Required work:
For each record below, output its text exactly and skip any picture.

*** Block opens ***

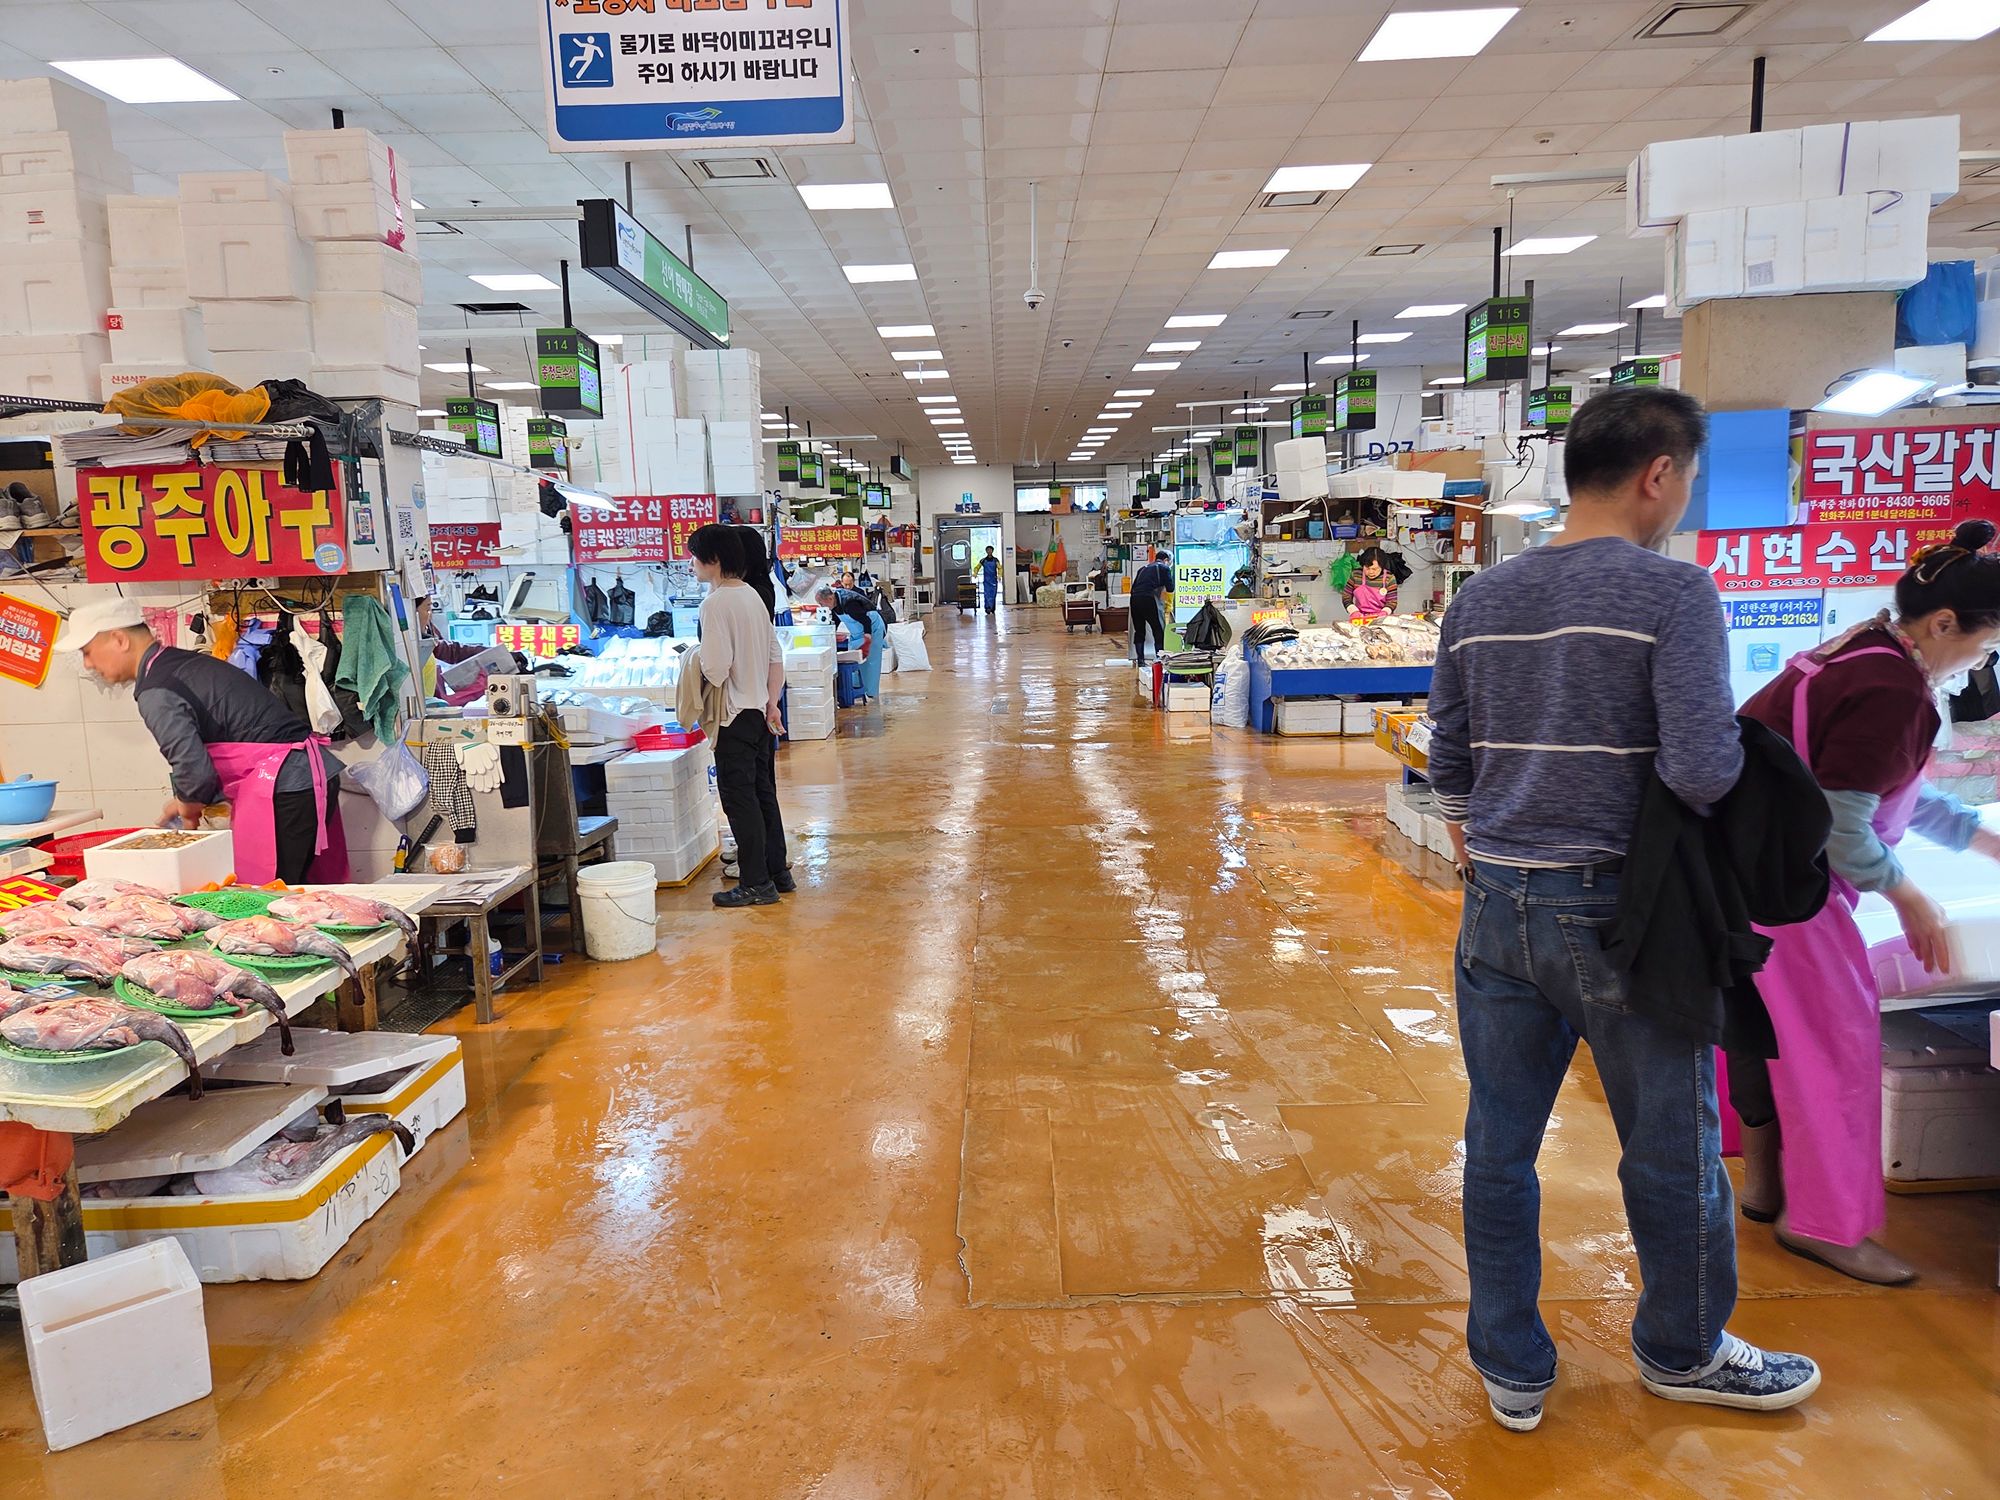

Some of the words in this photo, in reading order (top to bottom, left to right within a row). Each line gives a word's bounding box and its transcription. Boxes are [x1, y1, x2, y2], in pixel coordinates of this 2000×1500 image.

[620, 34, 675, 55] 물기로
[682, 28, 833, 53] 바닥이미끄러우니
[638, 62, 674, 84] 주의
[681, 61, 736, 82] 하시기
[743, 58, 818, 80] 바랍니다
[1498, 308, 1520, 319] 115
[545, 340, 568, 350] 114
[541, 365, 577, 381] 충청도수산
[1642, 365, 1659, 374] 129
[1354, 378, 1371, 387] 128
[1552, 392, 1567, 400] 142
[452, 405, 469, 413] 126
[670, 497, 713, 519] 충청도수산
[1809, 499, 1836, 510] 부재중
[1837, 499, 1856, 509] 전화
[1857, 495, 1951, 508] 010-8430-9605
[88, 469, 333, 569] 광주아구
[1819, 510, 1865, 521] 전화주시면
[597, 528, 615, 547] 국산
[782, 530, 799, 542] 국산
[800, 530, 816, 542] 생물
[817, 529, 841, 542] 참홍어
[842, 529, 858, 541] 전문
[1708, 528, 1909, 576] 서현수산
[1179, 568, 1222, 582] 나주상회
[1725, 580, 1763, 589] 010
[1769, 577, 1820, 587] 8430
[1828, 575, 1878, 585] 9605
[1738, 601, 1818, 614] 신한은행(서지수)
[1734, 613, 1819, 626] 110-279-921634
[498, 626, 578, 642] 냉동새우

*** Block closes ***

Exercise response:
Some of the words in this photo, in reading order (top to bottom, left to right within a row). Each line gives a word's bounding box and its transcription. Boxes are [x1, y1, x2, y2], in pixel coordinates of this 2000×1500 image.

[620, 34, 675, 55] 물기로
[682, 28, 833, 53] 바닥이미끄러우니
[638, 62, 674, 84] 주의
[681, 61, 736, 82] 하시기
[743, 58, 818, 80] 바랍니다
[1498, 308, 1520, 319] 115
[545, 340, 568, 350] 114
[541, 365, 577, 381] 충청도수산
[1642, 365, 1659, 374] 129
[1354, 378, 1371, 387] 128
[1552, 392, 1567, 400] 142
[452, 405, 469, 413] 126
[670, 497, 713, 519] 충청도수산
[1809, 499, 1836, 510] 부재중
[1837, 499, 1856, 509] 전화
[1857, 495, 1951, 508] 010-8430-9605
[88, 469, 333, 569] 광주아구
[1819, 510, 1865, 521] 전화주시면
[597, 528, 615, 547] 국산
[782, 530, 799, 542] 국산
[800, 530, 816, 542] 생물
[817, 529, 841, 542] 참홍어
[842, 529, 858, 541] 전문
[1708, 528, 1909, 576] 서현수산
[1179, 568, 1222, 582] 나주상회
[1725, 580, 1763, 589] 010
[1769, 577, 1820, 587] 8430
[1828, 575, 1878, 585] 9605
[1738, 601, 1818, 614] 신한은행(서지수)
[1734, 613, 1819, 626] 110-279-921634
[498, 626, 578, 642] 냉동새우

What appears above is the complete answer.